This repository contains the code and data for the SANER 2020 paper The Silent Helper: The Impact of Continuous Integration on Code Reviews (PDF). Joint work between Nathan Cassee (TU/e), Bogdan Vasilescu (CMU), and Alexander Serebrenik (TU/e).
There are several parts to this repository, data collection and pre-processing has been done using Python, some analysis and the plots have been generated using Python Jupyter Notebooks, and the statistical models have been run using Jupyter Notebooks in R.
Several directories contain an archive folder, these folders contain files that have not been used in the final analysis.
For each of the steps this readme will direct you to some files of note.
The main file used to scrape information the Python script
scrape_project_from_github.py
. As input this file requires
a .csv containing the slugs of the repositories that should be
mined, and a connection to a running GHTorrent
instance. As output this script requires connection to a MongoDB
instance, such that scraped items can be stored.

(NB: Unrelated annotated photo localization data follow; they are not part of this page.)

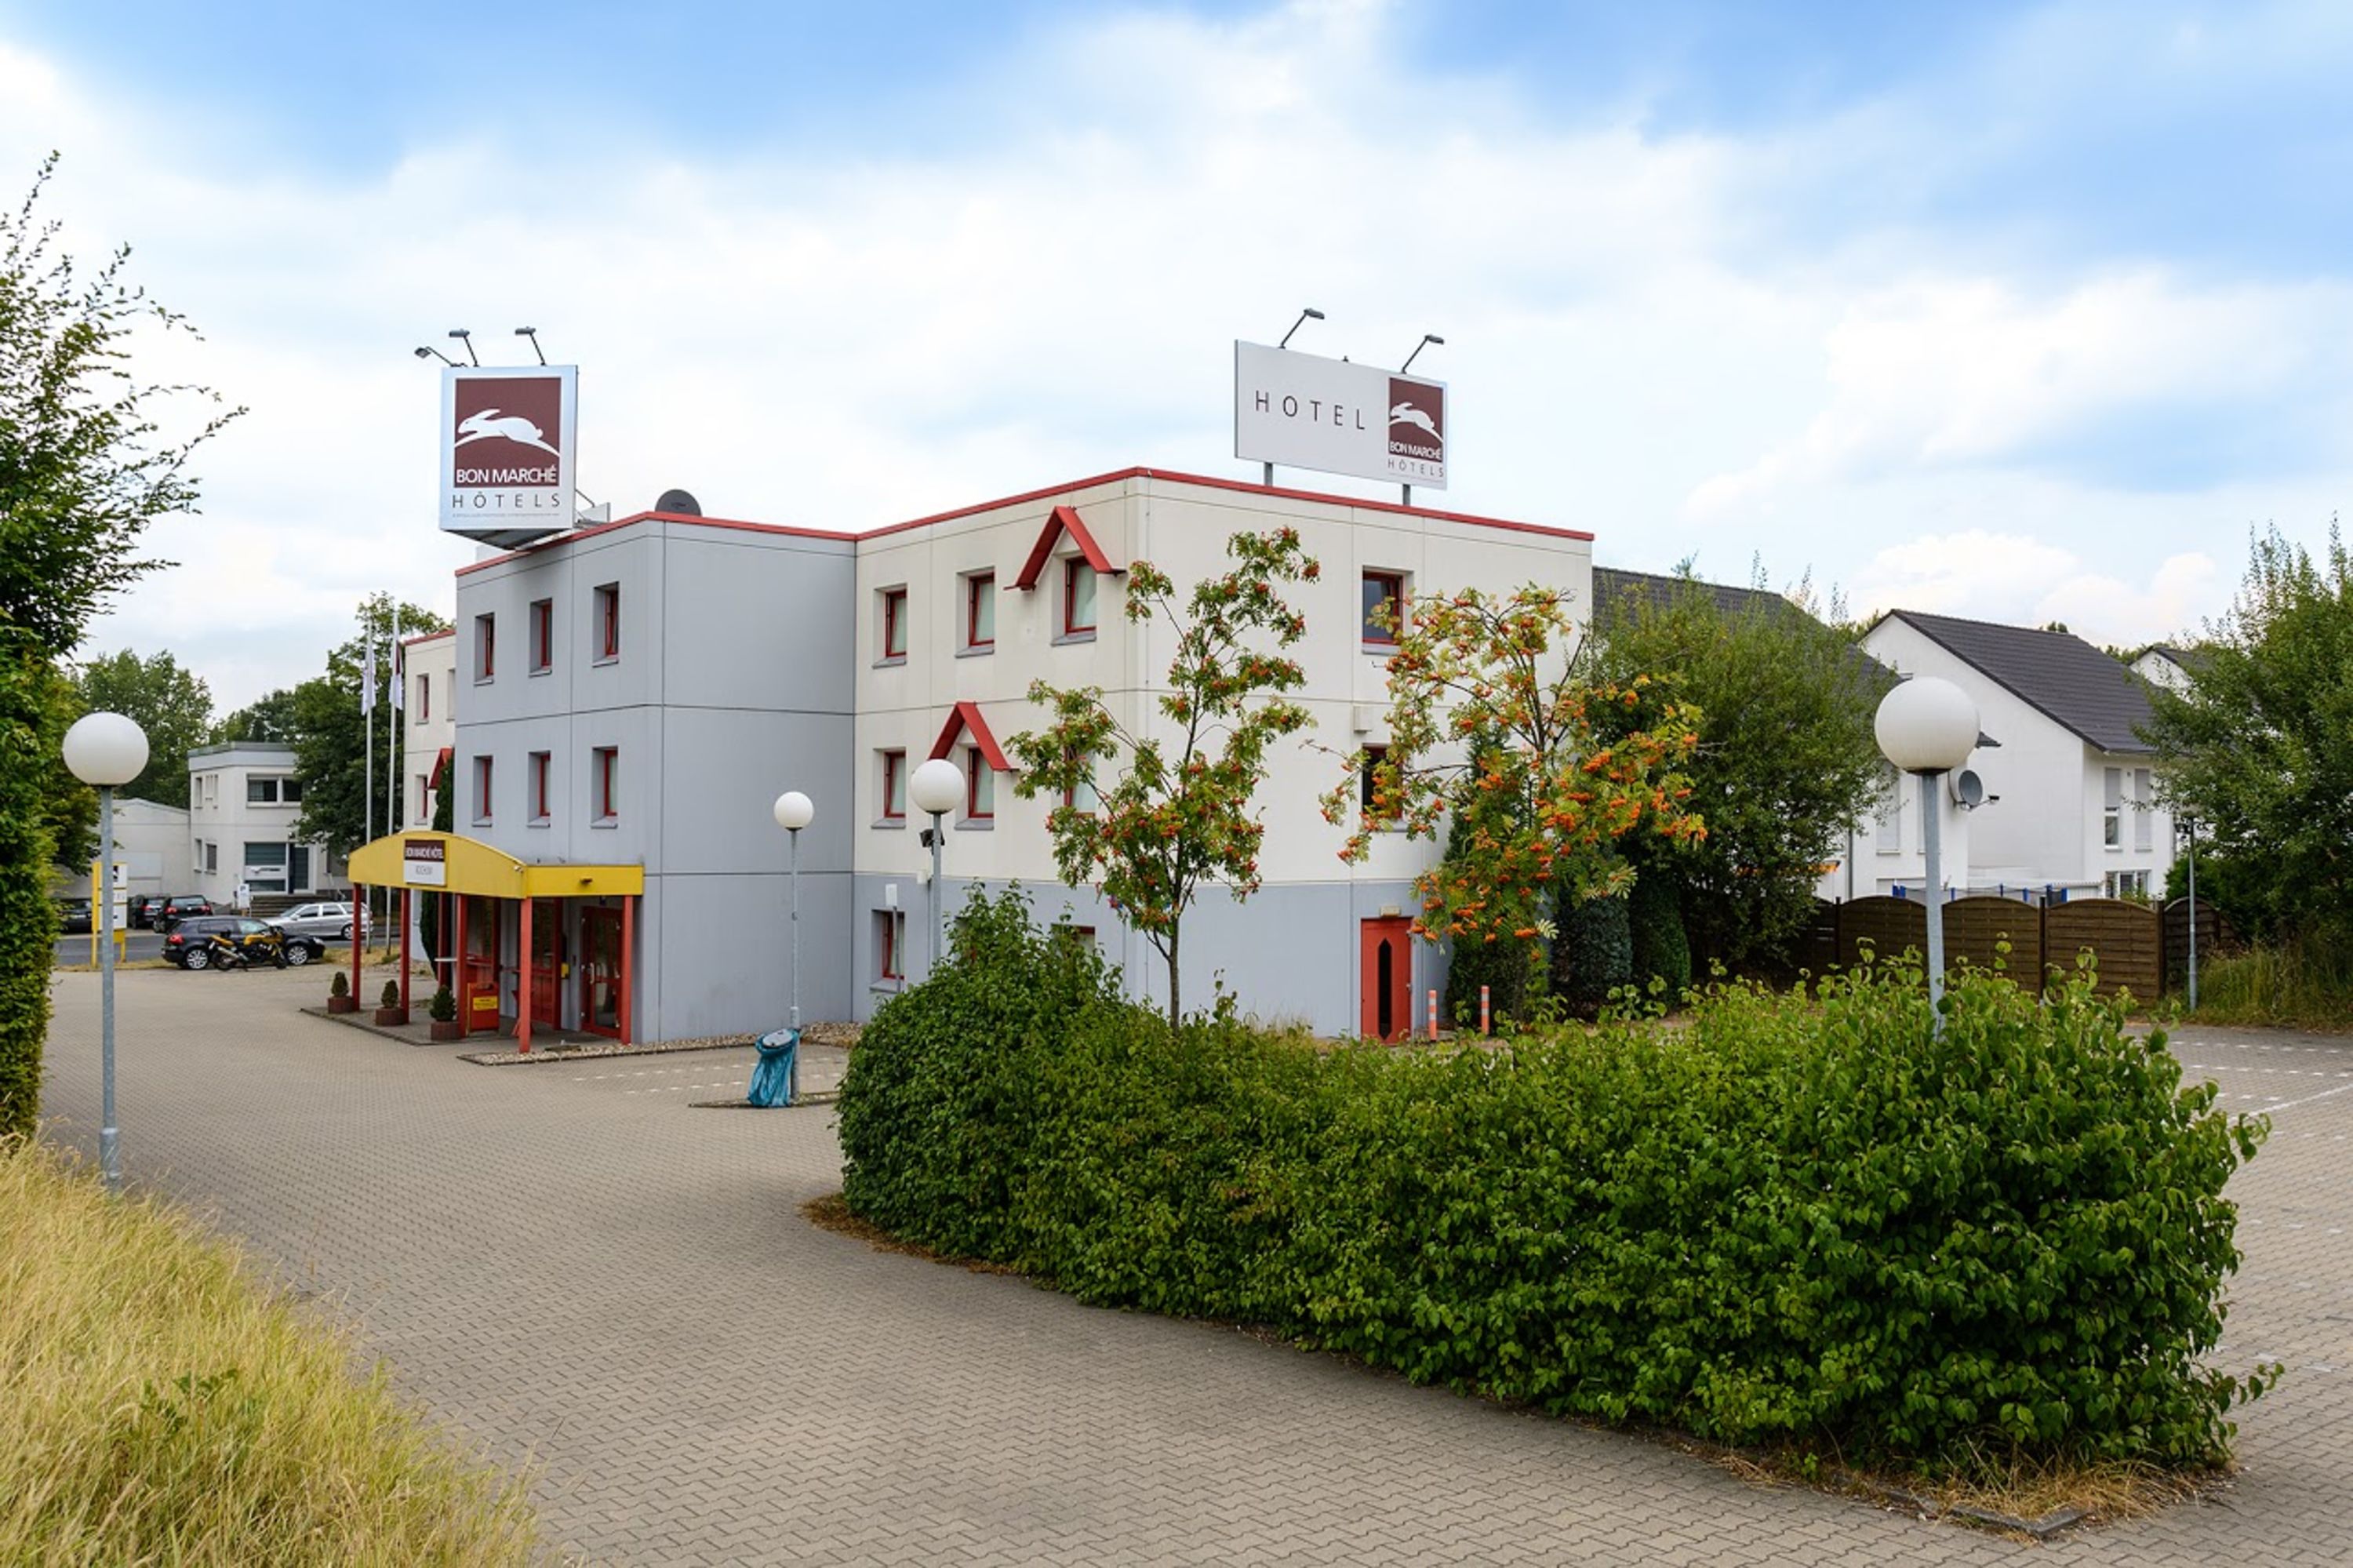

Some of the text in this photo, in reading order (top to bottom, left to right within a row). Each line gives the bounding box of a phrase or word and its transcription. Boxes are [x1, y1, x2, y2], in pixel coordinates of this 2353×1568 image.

[1255, 390, 1366, 430] HOTEL
[1389, 441, 1442, 460] BON MARCHÉ
[456, 464, 557, 483] BON MARCHÉ
[1387, 458, 1444, 477] HÔTELS
[452, 491, 561, 509] HÔTELS

For each slug in the input csv the script first queries the GHTorrent
to determine whether that project has more than 1,000 general
pull-request comments, and after doing this for all projects
saves the intermediate results to a .json
file.
For each GitHub
project with more than 1,000 general comments
the scrape loop is executed.
We first check whether the project has at least one Travis build,
using the Travis API (This requires a Travis API key to be present in
travis_token.py
). If the project has a Travis build
we continue scraping, and using
PyGitHub
we scrape all closed pull-requests, associated comments, review comments
and commits, and all closed issues for that project. Note: direct commits
only pushed to the repository are not scraped.
The resulting data is then inserted in a MongoDB instance. Where project
data is split over 4 collections because of MongoDB limitations. These
4 collections are, projects
, issues
, pull_requests
, and commits
.
To efficiently scrape data from GitHub
the scrape script uses several
threads, and cycles through a set of tokens defined in gh_tokens.py
(More tokens == more speed).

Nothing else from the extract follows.